United States' Racial Issues And Past

915 words - 4 pages

United States' Racial Issues and Past

Introduction

In 1860 Abraham Lincoln became the President of the United States of
America. He was from the North, and so the Southern slave owners were
afraid to lose their slaves. Because of this they separated from the
USA to become the Confederate States. This sparked off a war between
the two ends of America, the North and South, it was called the
American Civil War. Eventually in 1865 Lincoln passed laws and his
Proclamation of Emancipation. This promised freedom to all of the
slaves in the Southern States. Black slaves were also allowed to fight
for the Northern army.

Now blacks were set free they had a whole load of possible
opportunities, but this new freedom that they had received had just
turned out to be a different form of slavery.
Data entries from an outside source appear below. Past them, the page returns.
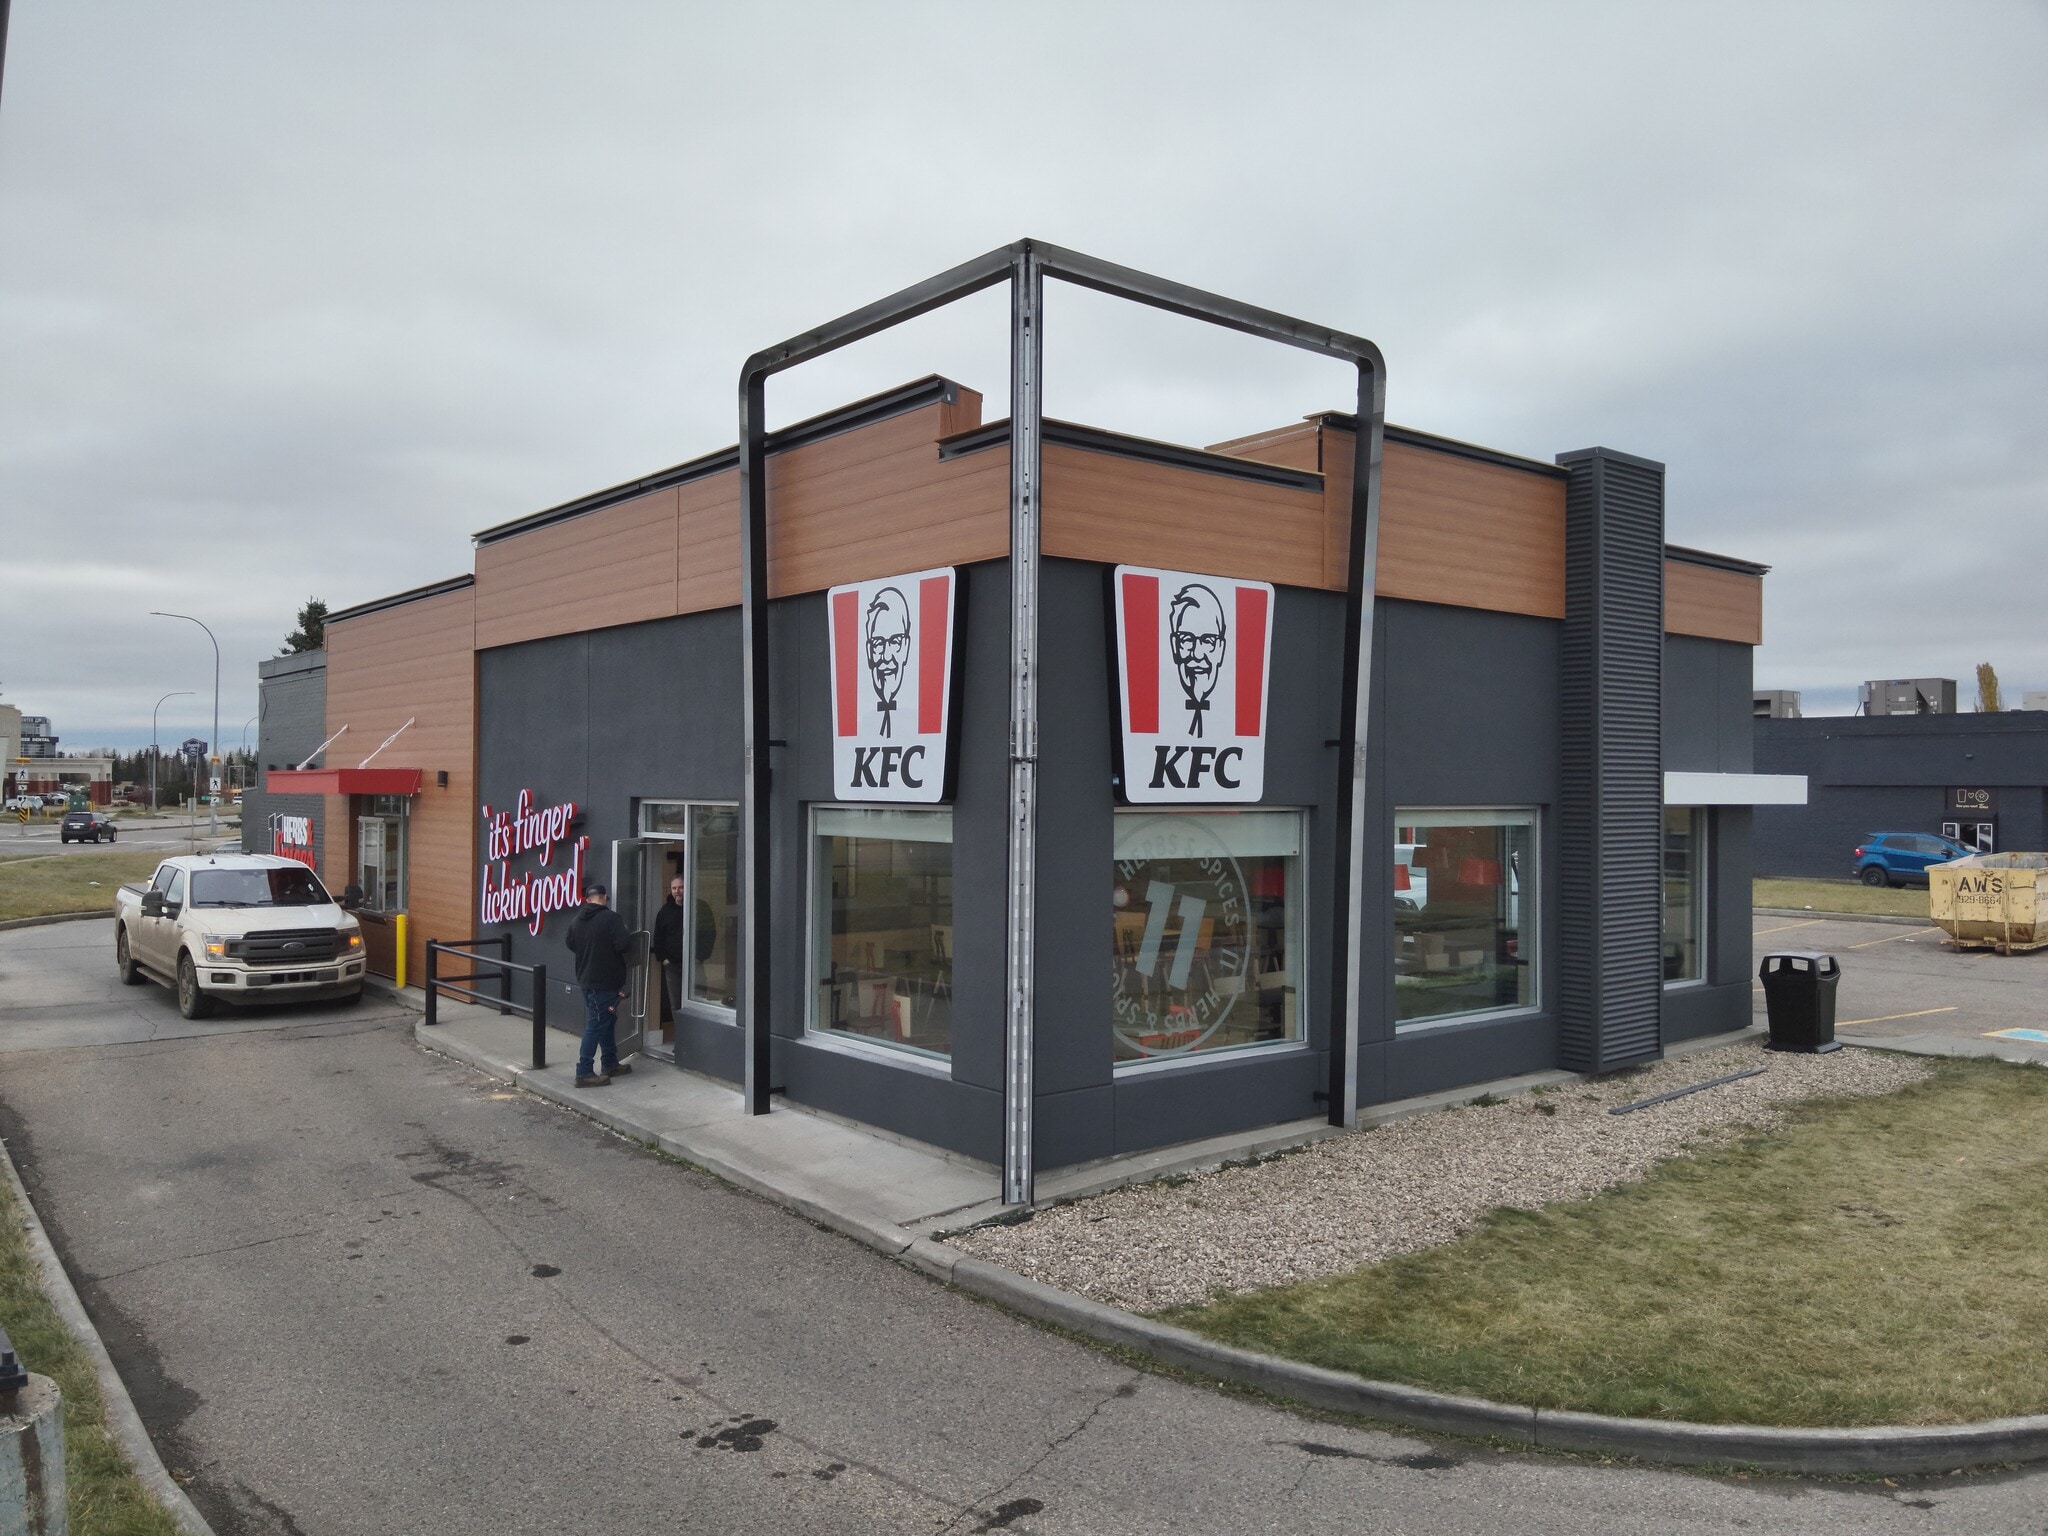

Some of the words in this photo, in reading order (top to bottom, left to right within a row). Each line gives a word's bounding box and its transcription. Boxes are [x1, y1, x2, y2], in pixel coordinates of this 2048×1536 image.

[851, 745, 925, 789] KFC
[1148, 745, 1244, 789] KFC
[283, 816, 308, 845] HERBS
[307, 817, 314, 846] &
[513, 788, 578, 867] finger
[1200, 857, 1240, 928] SPICES
[1135, 879, 1208, 991] 11
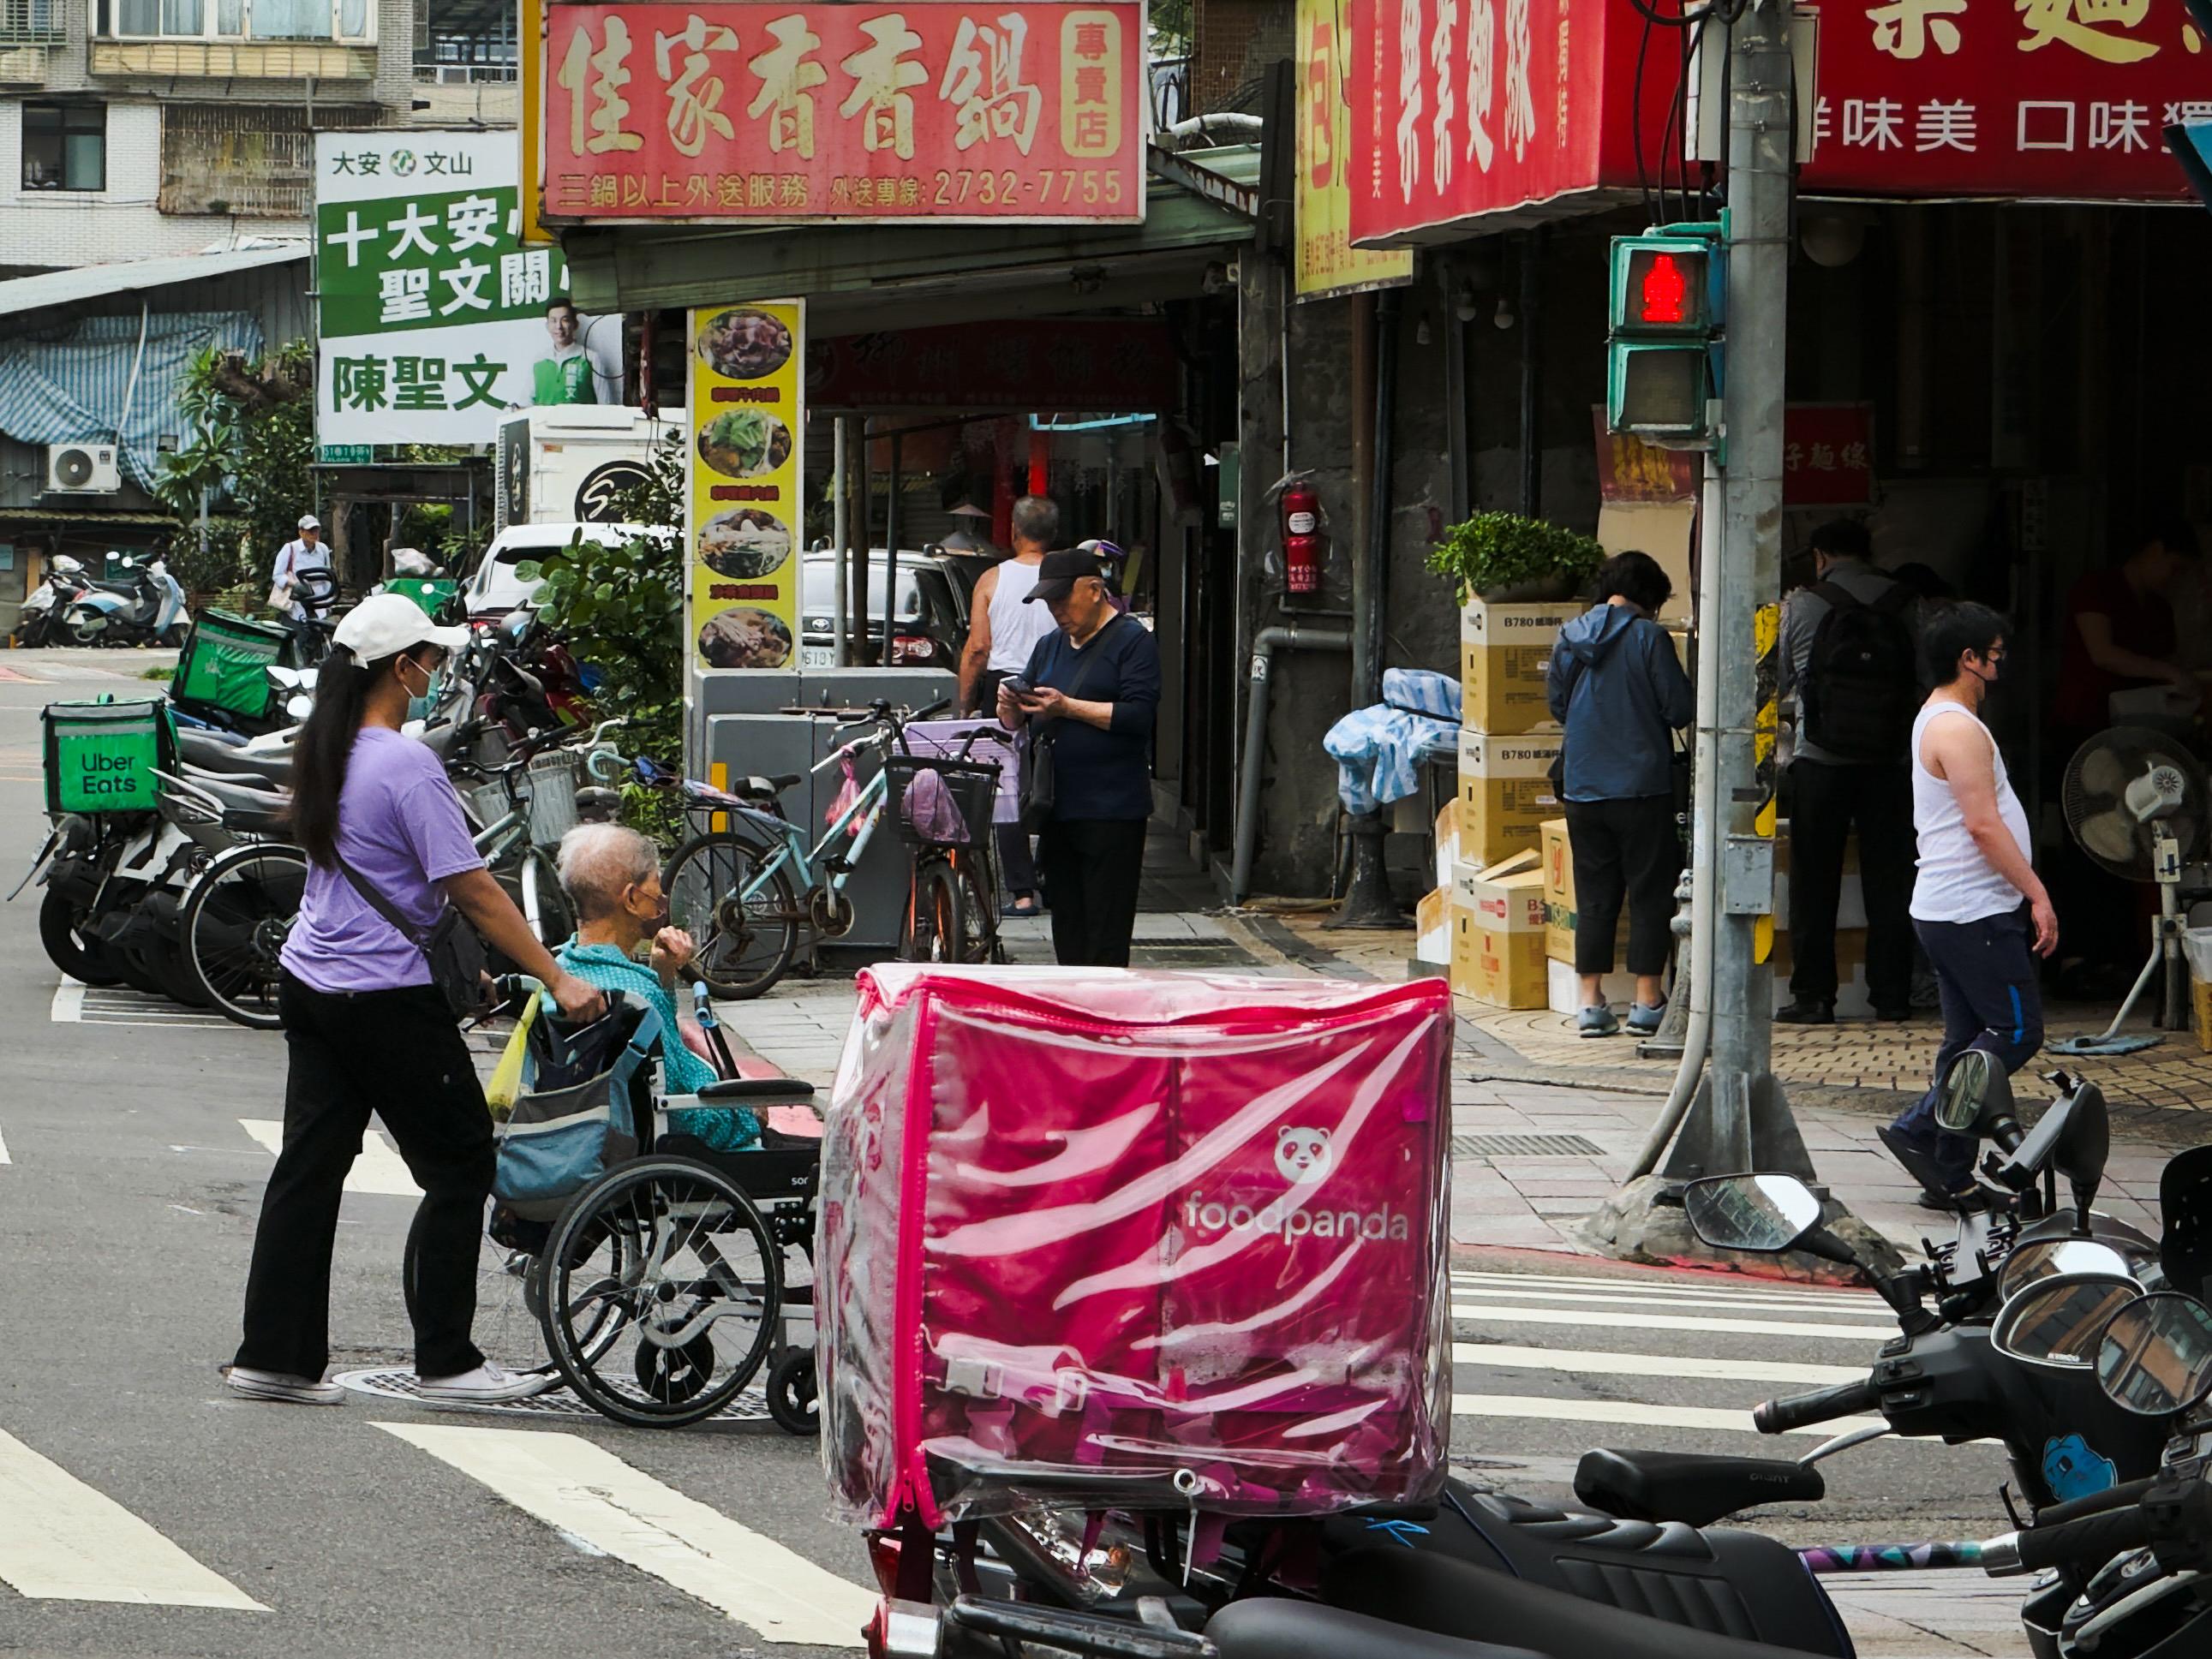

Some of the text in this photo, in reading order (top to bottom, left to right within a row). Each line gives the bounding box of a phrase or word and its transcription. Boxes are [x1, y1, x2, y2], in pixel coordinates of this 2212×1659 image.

Some of the things that
they gained were; land - it was known as share cropping, and all of
the freed slaves were able to keep the crops they grew. There were
schools made for blacks - these were set up by the Freedman’s Bureau
who set up 4000 schools, however, it was shut at a later year but 21%
of freed slaves could now read and write. As part of their freedom
blacks could also marry, they could worship freely and black men were
allowed to vote.

The Slavery Within Their Freedom

As blacks were given this amount of freedom the Southern States
‘hated’ it. They had hatred towards the blacks because of the rights
they were receiving. The Southerners actually found ways of going into
action because of what was happening, and they decided not to fund the
schools which forced them to be shut down. As well as this they were
burnt down and the pupils within them beaten by whites. It was not
only schools but share croppers, they were made to buy tools from
whites and this usually resulted in debt. So basically the whites
tried to trap the blacks in some way and make them suffer.

Blacks in the South found a difference between legal rights (dejure)
and what they were allowed to do (defacto). Even though the laws were
passed as black men being able to vote, they were still prevented from
doing so by violent whites who went around as armed gangs.

The result of all the events going on brought out the...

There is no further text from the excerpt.